**Annotated photo localization data**
****************************************
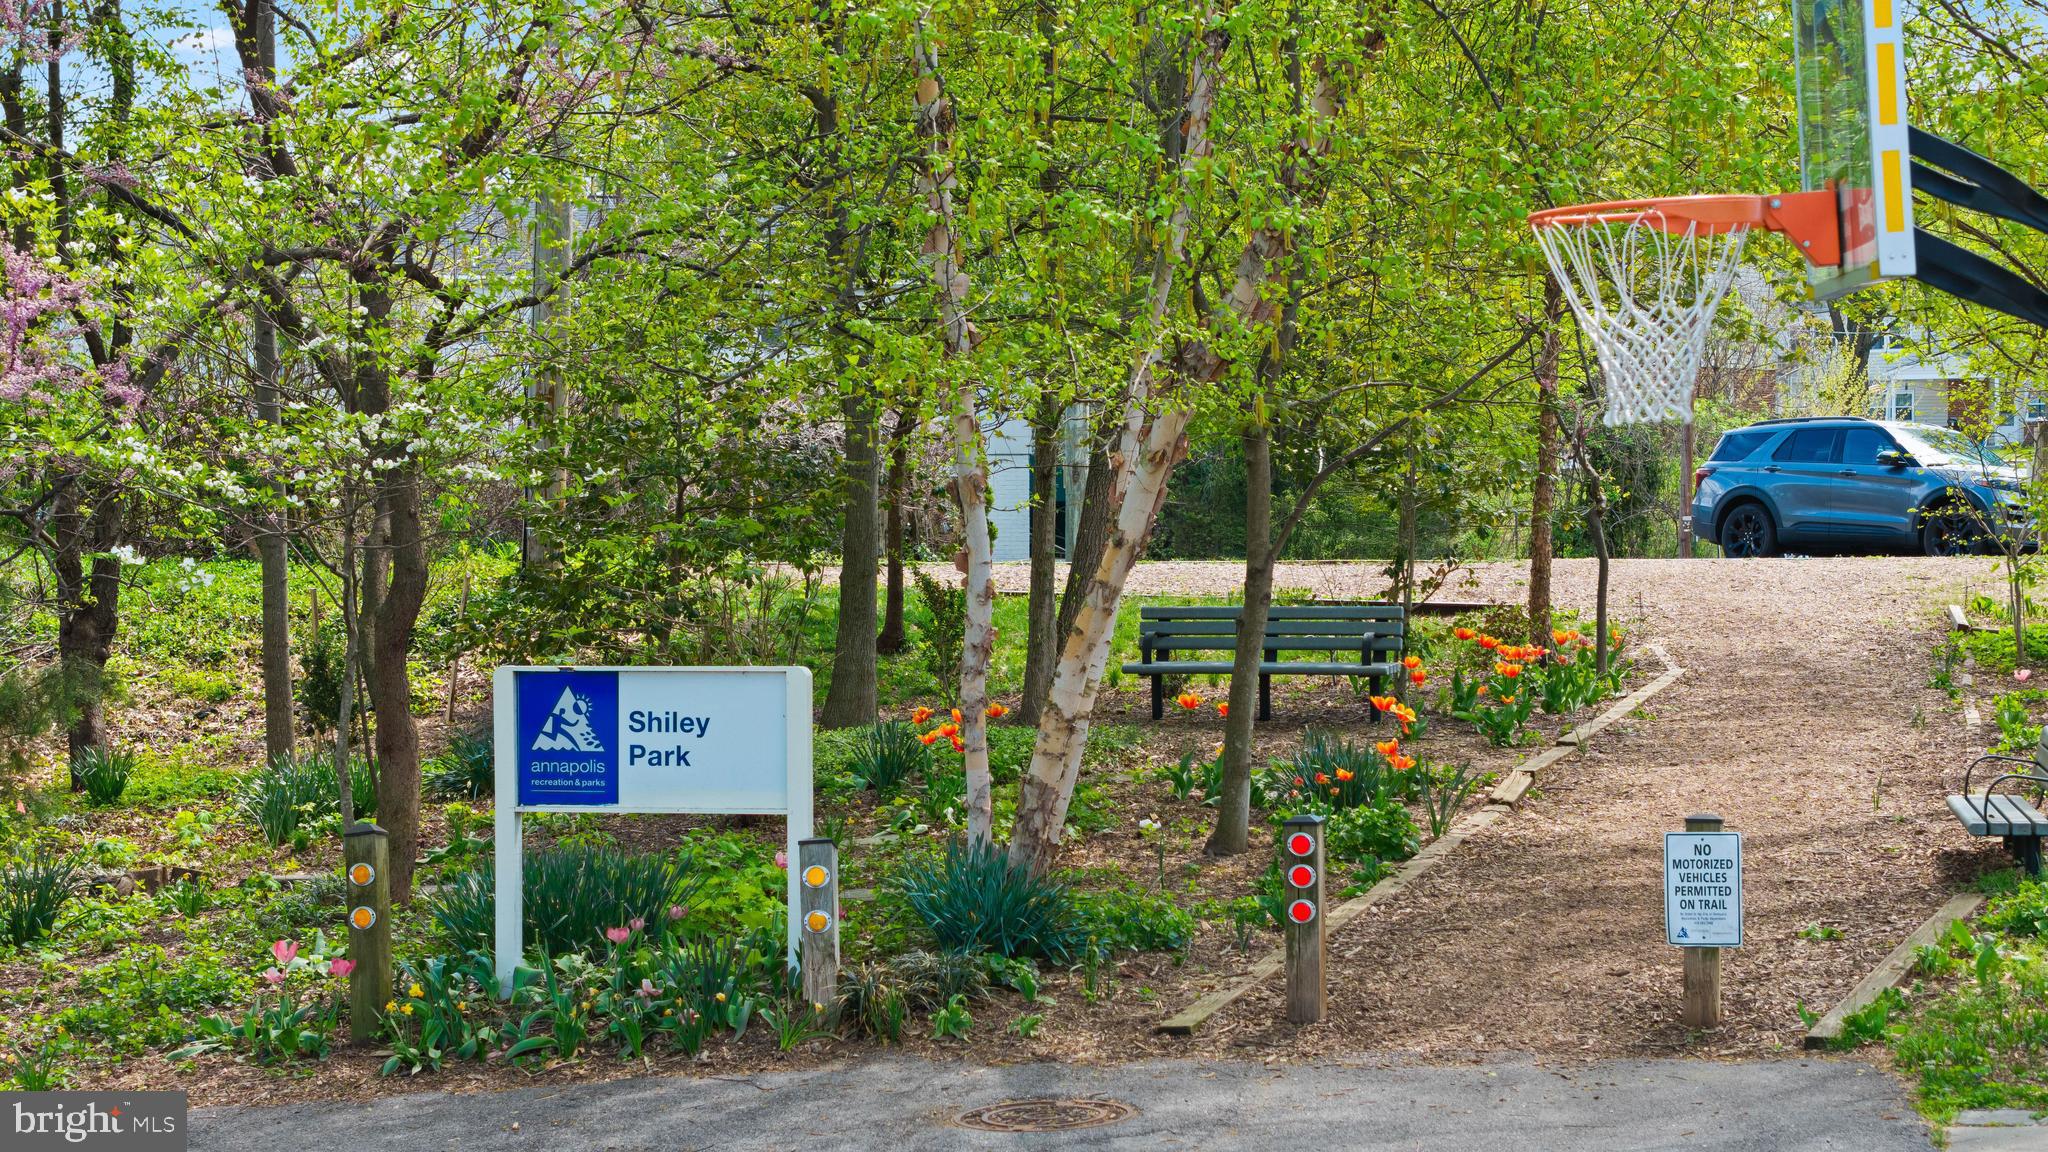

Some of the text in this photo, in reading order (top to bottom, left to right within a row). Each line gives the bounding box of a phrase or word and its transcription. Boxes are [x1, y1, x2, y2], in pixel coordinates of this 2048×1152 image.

[628, 710, 711, 738] Shiley
[629, 744, 691, 767] Park
[531, 759, 605, 776] annapolis
[581, 779, 605, 787] parks
[1694, 844, 1711, 856] NO
[1672, 859, 1733, 870] MOTORIZED
[1679, 872, 1727, 883] VEHICLES
[1674, 886, 1732, 897] PERMITTED
[1680, 899, 1727, 910] ON TRAIL
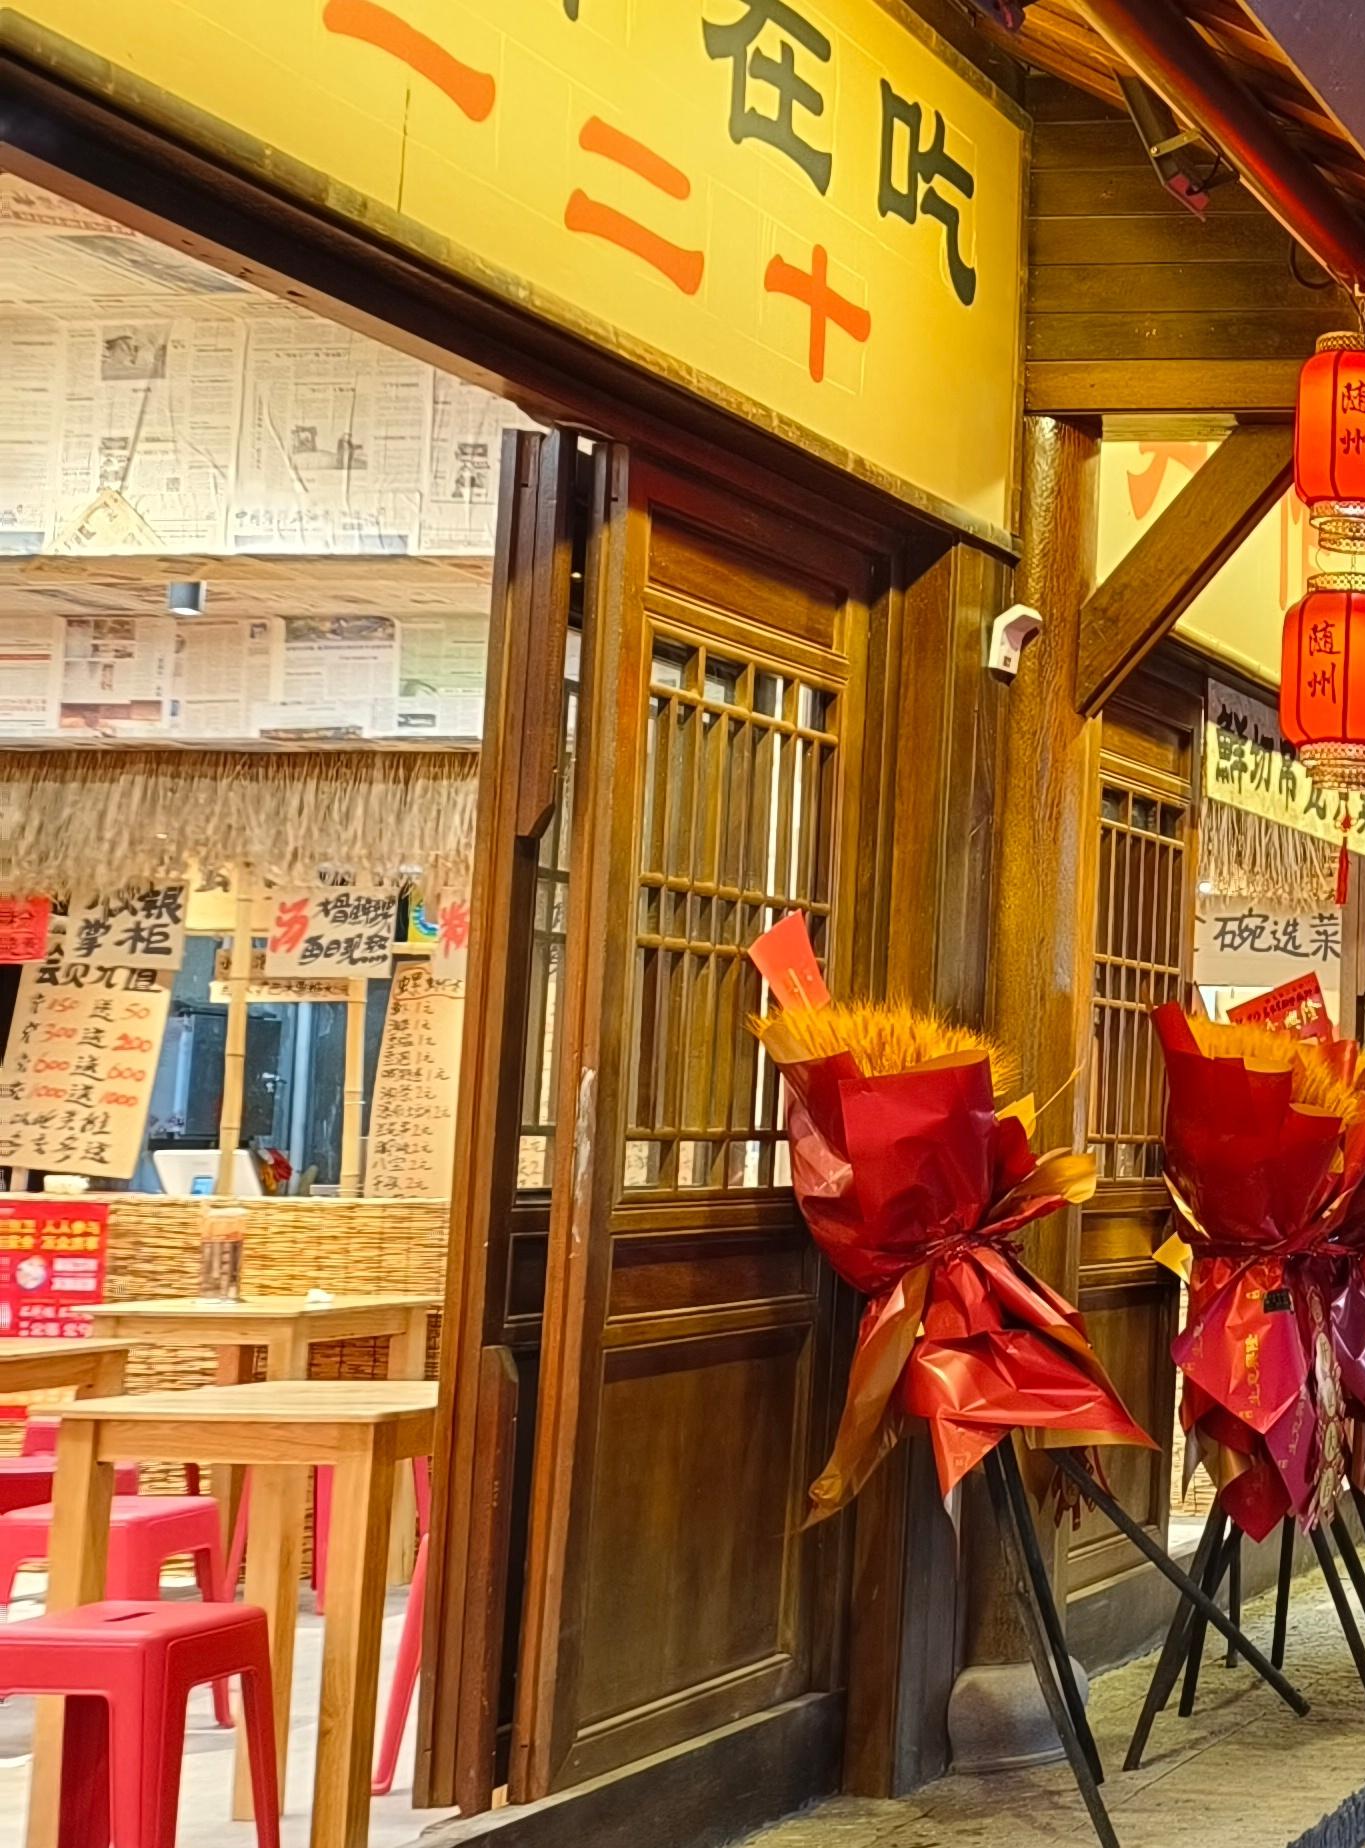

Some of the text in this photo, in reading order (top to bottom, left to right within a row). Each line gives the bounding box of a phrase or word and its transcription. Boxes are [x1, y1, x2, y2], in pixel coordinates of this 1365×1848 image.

[1307, 620, 1342, 704] 随州
[73, 919, 173, 957] 掌柜
[1194, 906, 1342, 962] 碗选菜
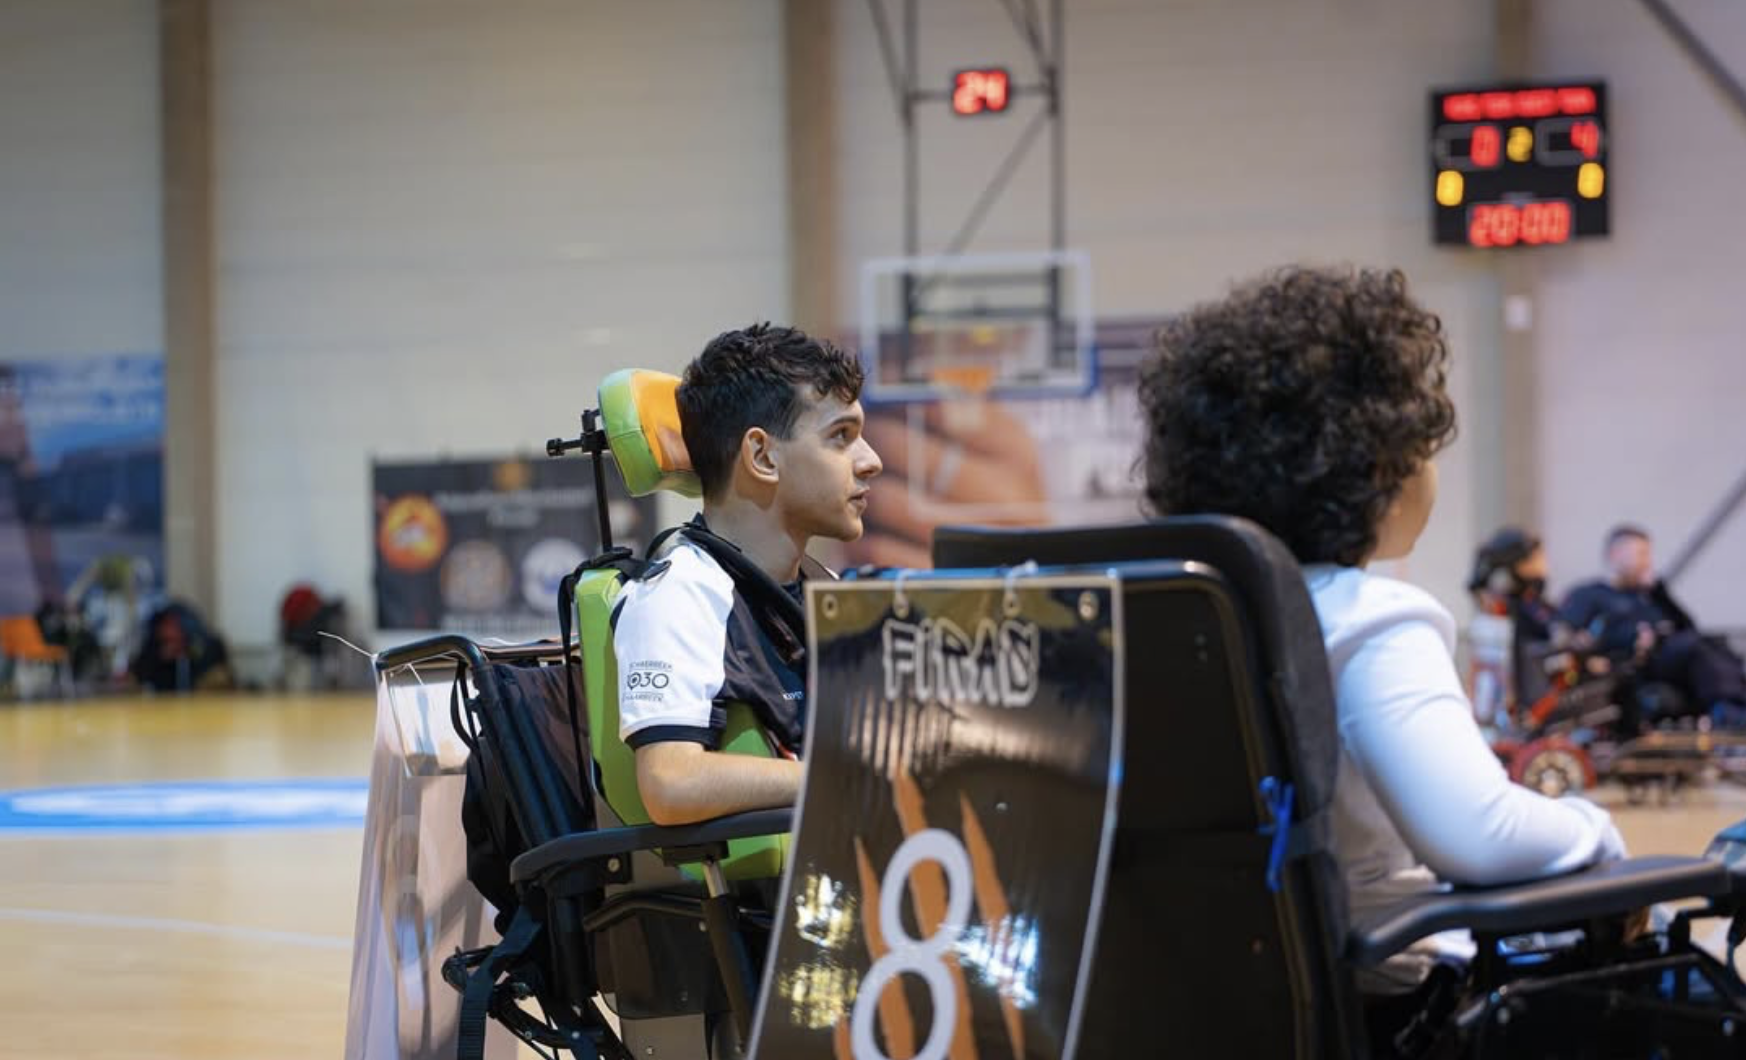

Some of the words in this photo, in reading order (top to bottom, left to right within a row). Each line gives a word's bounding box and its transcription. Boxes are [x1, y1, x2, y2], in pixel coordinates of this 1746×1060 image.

[953, 70, 1008, 115] 24
[1470, 125, 1500, 167] 0
[1469, 201, 1572, 248] 20:00
[851, 828, 975, 1060] 8
****************************************
**WORK REQUIRED**
Pictures are to be excluded; the records themselves are to be reproduced exactly.

**EXERCISE SOLUTION**
Some of the text in this photo, in reading order (top to bottom, left to right within a row). Each line gives the bounding box of a phrase or word and its transcription. Boxes are [x1, y1, x2, y2], in pixel coordinates of this 2048×1152 image.

[628, 710, 711, 738] Shiley
[629, 744, 691, 767] Park
[531, 759, 605, 776] annapolis
[581, 779, 605, 787] parks
[1694, 844, 1711, 856] NO
[1672, 859, 1733, 870] MOTORIZED
[1679, 872, 1727, 883] VEHICLES
[1674, 886, 1732, 897] PERMITTED
[1680, 899, 1727, 910] ON TRAIL

Some of the text in this photo, in reading order (top to bottom, left to right within a row). Each line gives the bounding box of a phrase or word and its transcription. Boxes are [x1, y1, x2, y2], in pixel coordinates of this 1365×1848 image.

[1307, 620, 1342, 704] 随州
[73, 919, 173, 957] 掌柜
[1194, 906, 1342, 962] 碗选菜

Some of the words in this photo, in reading order (top to bottom, left to right within a row). Each line gives a word's bounding box and its transcription. Boxes are [x1, y1, x2, y2], in pixel coordinates of this 1746×1060 image.

[953, 70, 1008, 115] 24
[1470, 125, 1500, 167] 0
[1469, 201, 1572, 248] 20:00
[851, 828, 975, 1060] 8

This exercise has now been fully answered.